In Fanny Howe, like Christian Wiman, I discover the work of another tutelary spirit. Their books like Agamben’s, Wittgenstein’s blow more or less vigorously in the direction of Simone Weil, what Walter Benjamin, in a letter to Gershom Scholem about Kafka, described as “crossroads of the paths of my thinking.”

Howe in The Needle’s Eye, reflects on personality and our self-representing masks through a series of associative thoughts about the Boston marathon bombers, Francis and Clare of Assisi, folk philosophies and social norms.

My daughter is reading an old favourite book from when I was seventeen, Erving Goffman’s The Presentation of Everyday Life. He argues that the self adapts our personality to suit the setting, donning a different mask as necessary, but that these masks are not permanent. Weil wrote, “The thing we believe to be our self is as ephemeral and automatic a product of external circumstances as the form of a sea wave.”

“degrading thirst after outrageous stimulation”

Described as a sequel to his memoir, My Bright Abyss, I shall be reading backwards, getting to the prequel after He Held Radical Light, which I’ve just finished reading three times, back to back.

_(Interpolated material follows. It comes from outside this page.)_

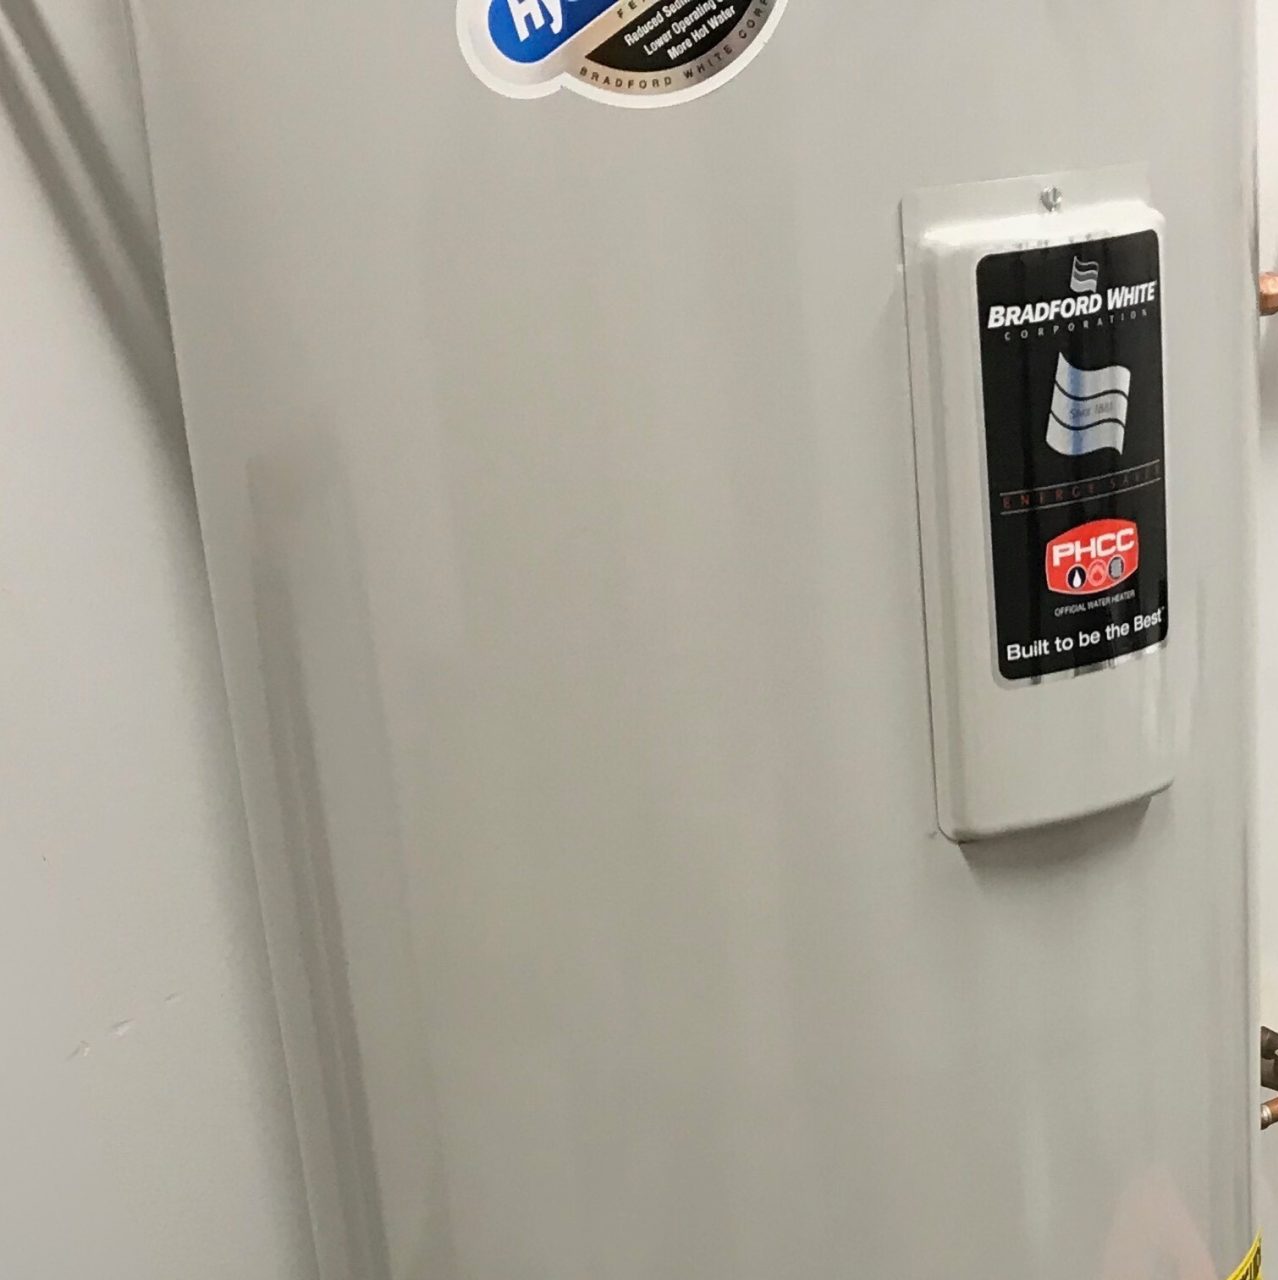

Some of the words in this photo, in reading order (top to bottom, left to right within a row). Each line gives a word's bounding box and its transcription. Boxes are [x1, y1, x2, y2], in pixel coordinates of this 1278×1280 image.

Wiman is a poet wrestling with spiritual matters yet nothing to him is more central and worthy of attention than the raw facts of living. His optimistic thesis is that no one is spiritually so out of reach as to be forever removed from communication with things infinite and mystical.

“I’m usually suspicious of claims that privilege one generation’s experience, always of some form of suffering, over another’s. (Why do we never compare our joys or our relative capacities for experiencing joy?) Contemporary culture is awash with anxiety over the disease of anxiety, the endless onslaught of technology, and the diminishment of individual attention our electronic immersion entails. It’s a genuine problem, no question, one I feel myself, but it’s not as new or as dependent upon contemporary technology as we make it out to be. Way back in 1790, in his “Preface to Lyrical Ballads,” Wordsworth decried the “degrading thirst after outrageous stimulation” against which his poetry–interior, meditative, focussed on common people and things–was trying to find an audience. The argument is more eloquent and sophisticated than we’re used to, but the heart of his critique would make a fine tweet.”